The file share in this account is mounted to each compute within the workspace.

Files stored here can easily be shared among computes.

For data, it is not recommended to use ML datastores which are specifically designed to store large data files consumed by ML experiments.

Option D is incorrect because for large data files consumed by training experiments, the recommended practice is storing them in ML datastores.

Avoid storing them on the local disks of computes.

Reference:

Sure, I'd be happy to provide a detailed explanation of the different options for organizing and storing files in an Azure Machine Learning workspace.

Option A: Create a storage account in your workspace and store both the scripts and data in there.

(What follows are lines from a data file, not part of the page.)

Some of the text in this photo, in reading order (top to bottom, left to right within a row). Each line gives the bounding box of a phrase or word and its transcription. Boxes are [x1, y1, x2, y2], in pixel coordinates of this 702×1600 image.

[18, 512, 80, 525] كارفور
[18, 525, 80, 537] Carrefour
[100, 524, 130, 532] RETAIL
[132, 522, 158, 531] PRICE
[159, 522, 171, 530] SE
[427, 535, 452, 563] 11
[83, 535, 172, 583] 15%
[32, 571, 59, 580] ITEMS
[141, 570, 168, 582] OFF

In this option, you would create a new storage account in your Azure Machine Learning workspace and store both your scripts and data in that account. This approach provides a centralized location for storing all of your files and makes it easy to access them from any of the computes in your workspace. However, there are a few potential downsides to this approach. First, storage accounts can be relatively expensive, especially if you are storing large amounts of data. Additionally, accessing files stored in a storage account can sometimes be slower than accessing files stored locally on a compute instance.

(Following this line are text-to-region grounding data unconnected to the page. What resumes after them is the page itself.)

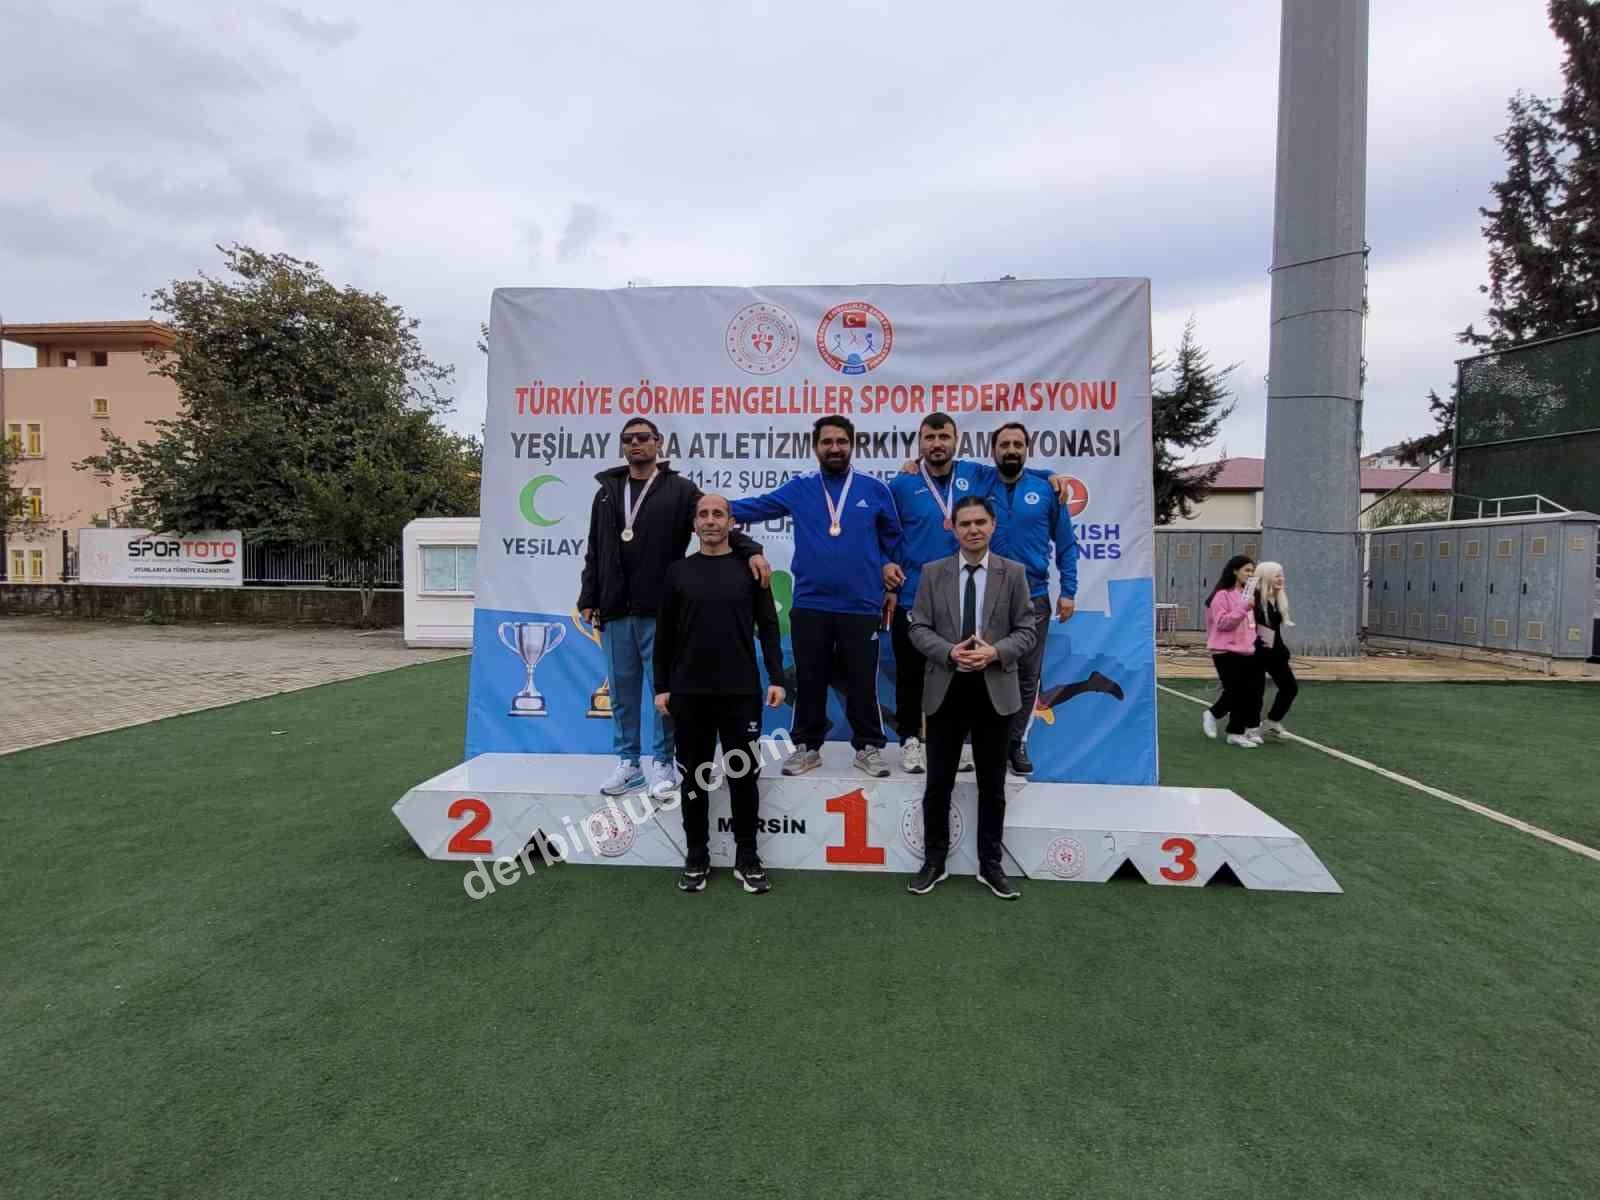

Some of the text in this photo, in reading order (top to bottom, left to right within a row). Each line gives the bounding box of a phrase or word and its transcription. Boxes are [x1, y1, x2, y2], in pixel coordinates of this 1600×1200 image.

[515, 379, 1117, 416] TÜRKİYE GÖRME ENGELLİLER SPOR FEDERASYONU
[510, 426, 611, 466] YEŞİLAY
[688, 426, 811, 459] ATLETİZM
[739, 470, 801, 494] ŞUBA
[447, 798, 492, 854] 2
[718, 815, 806, 834] MRSİN
[826, 788, 885, 864] 1
[1159, 837, 1197, 881] 3
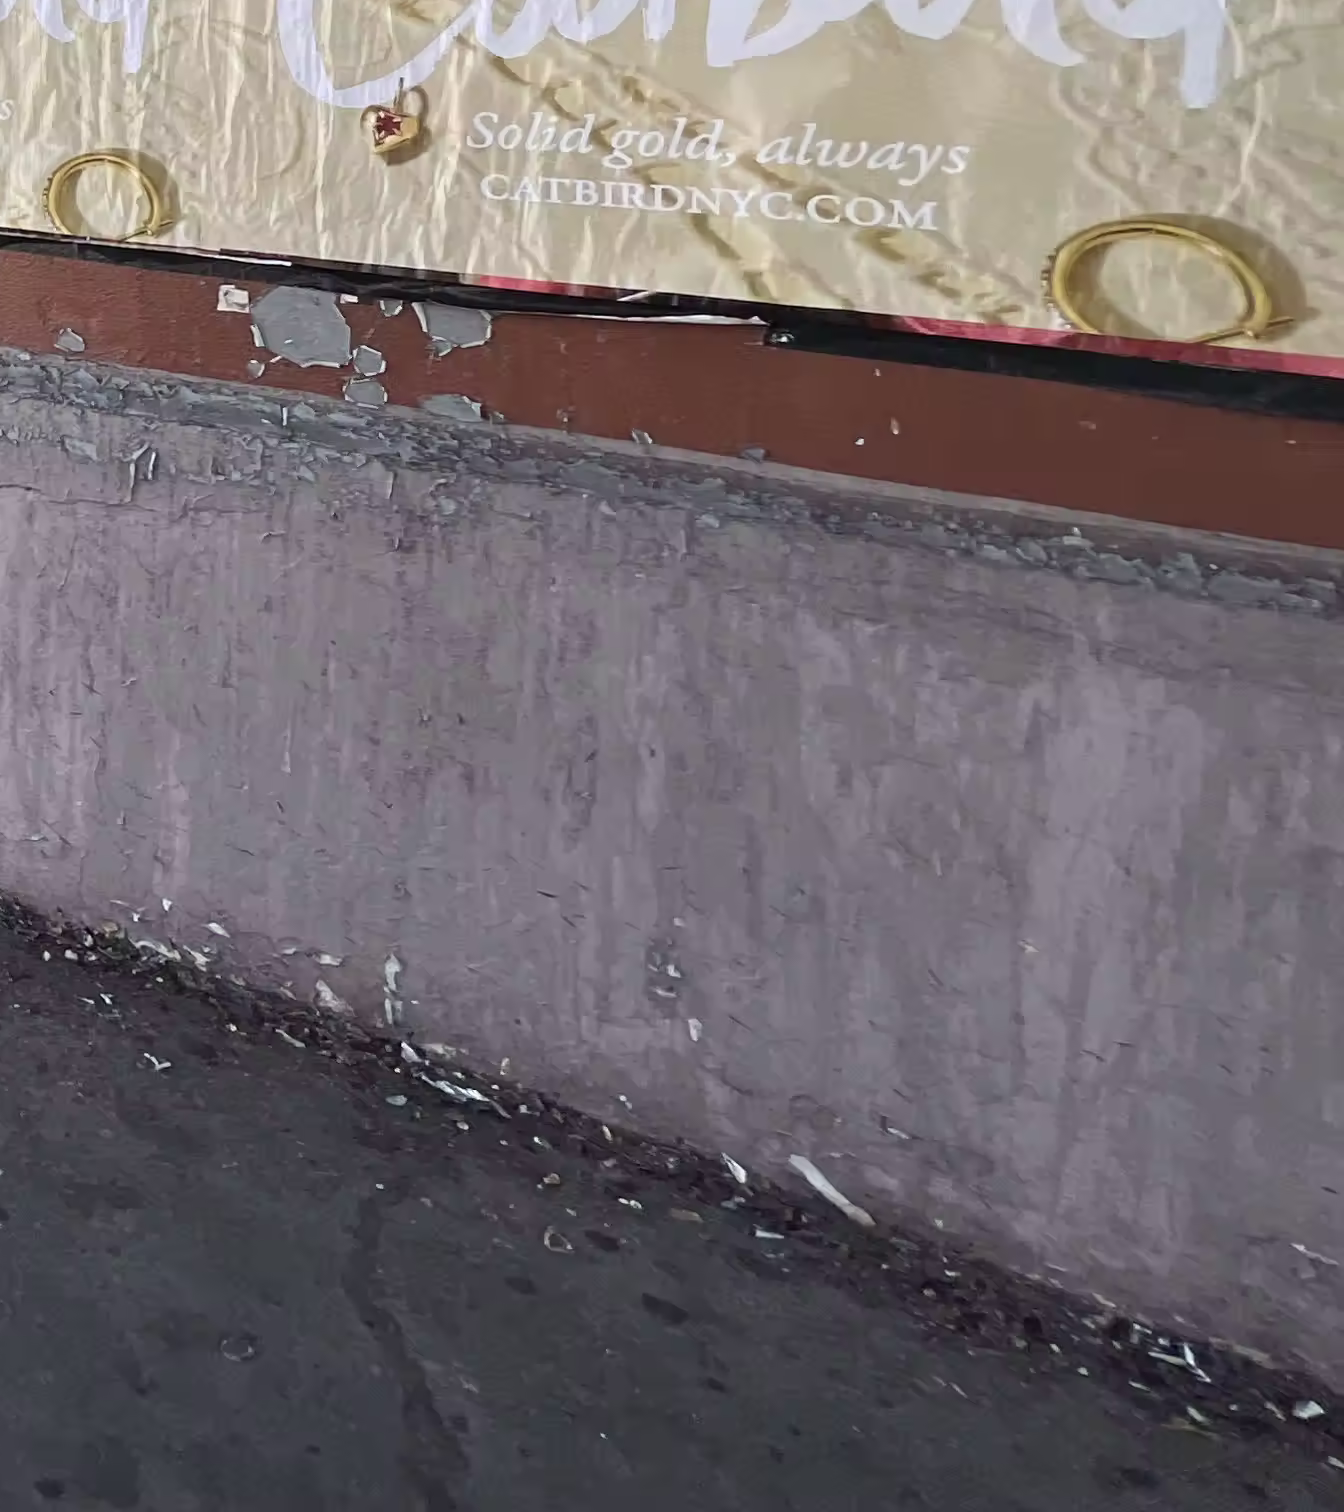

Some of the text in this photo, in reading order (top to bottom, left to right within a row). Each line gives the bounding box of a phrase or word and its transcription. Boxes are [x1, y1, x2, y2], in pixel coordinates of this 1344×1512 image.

[466, 111, 971, 186] Solid gold, always
[479, 172, 939, 232] CATBIRDNYC.COM

Option B: Store scripts and notebooks on local disks of compute instances; store data in datastores.

In this option, you would store your scripts and notebooks on the local disks of your compute instances, while storing your data in datastores. This approach can be more cost-effective than using a storage account, as you only need to pay for the storage used by your data, rather than paying for a separate storage account. Additionally, storing data in datastores can make it easier to manage and share data between different computes in your workspace. However, one potential drawback to this approach is that if you need to access files from a different compute instance, you may need to transfer them over the network, which can be slow if you are working with large files.

Option C: Store scripts and notebooks in the default storage account of your workspace; store your data in datastores.

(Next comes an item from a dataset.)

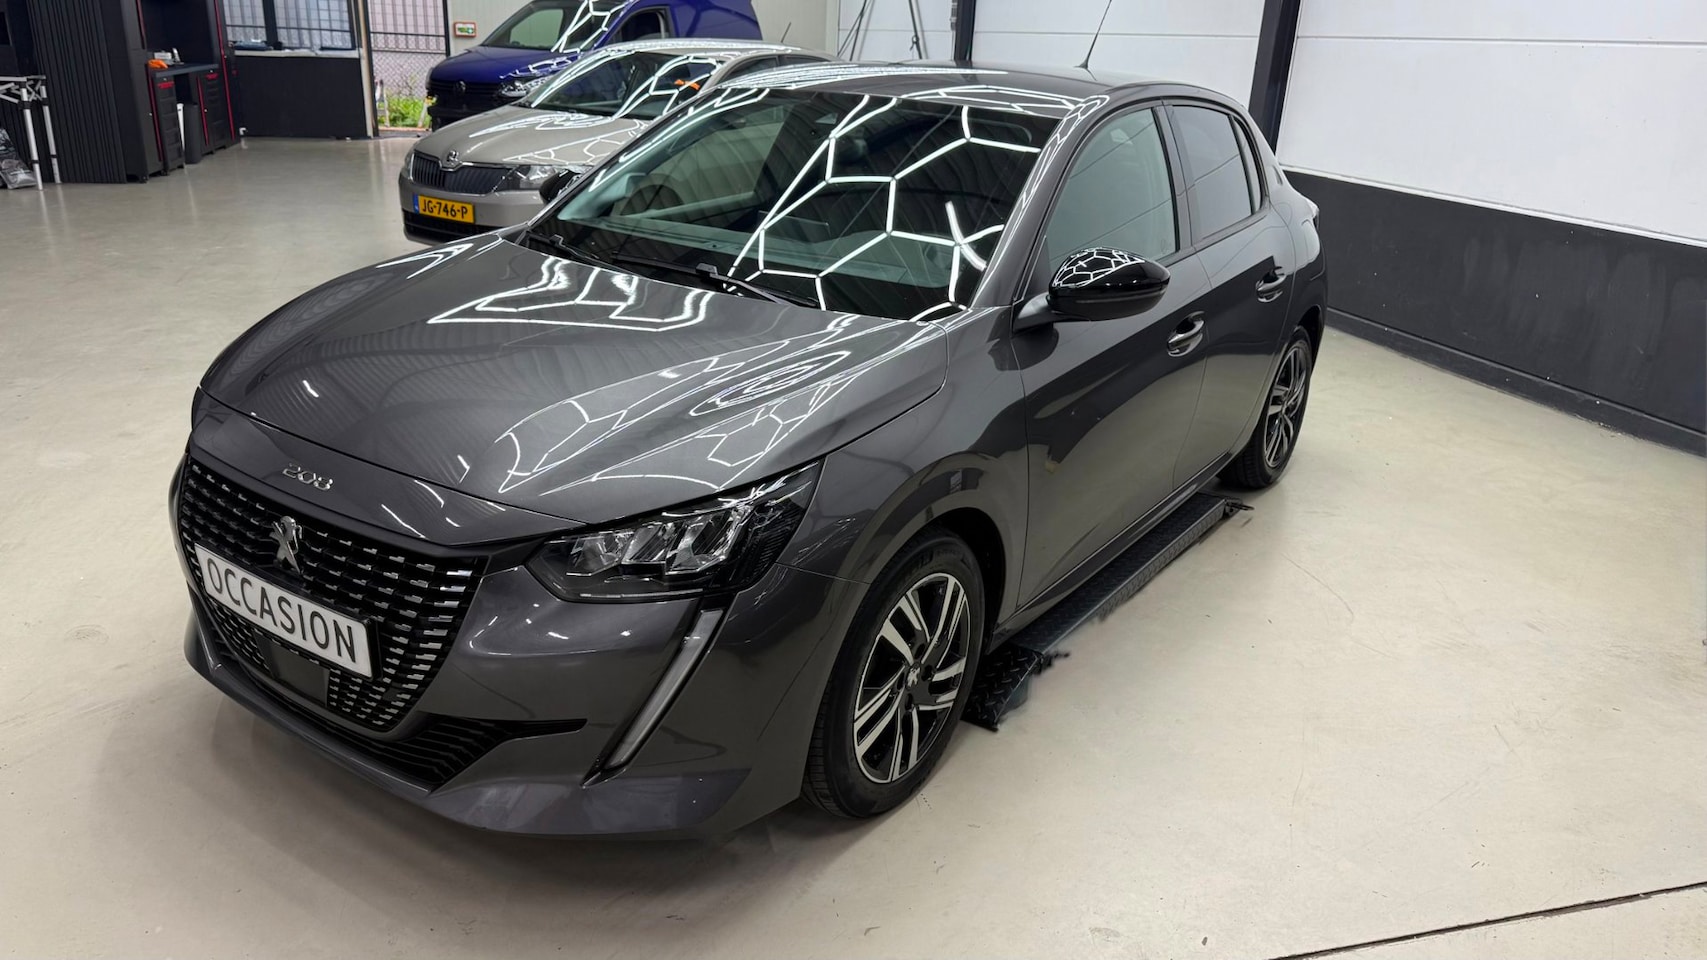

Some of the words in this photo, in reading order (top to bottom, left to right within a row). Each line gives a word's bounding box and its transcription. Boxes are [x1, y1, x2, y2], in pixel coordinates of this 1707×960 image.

This option is similar to option A, but instead of creating a new storage account, you would use the default storage account that is created when you set up your Azure Machine Learning workspace. This can be a good option if you don't want to incur the additional cost of creating a new storage account, but still want to keep your scripts and data separate. One potential disadvantage to this approach is that, like option A, accessing files stored in a storage account can sometimes be slower than accessing files stored locally on a compute instance.

Option D: Store scripts and notebooks in the default storage account of your workspace; store your large data files in the computes local folder.

In this option, you would store your scripts and notebooks in the default storage account of your workspace, but store your large data files in the local folder of the compute instance. This approach can be a good option if you have large data files that you need to work with frequently, as storing them locally can help improve performance. However, this approach can also be more difficult to manage than the other options, as you will need to make sure that all of your computes have access to the same data files.

In summary, there are several different options for organizing and storing files in an Azure Machine Learning workspace, and the best approach will depend on your specific needs and requirements. Option B and C are generally the most common and recommended approach.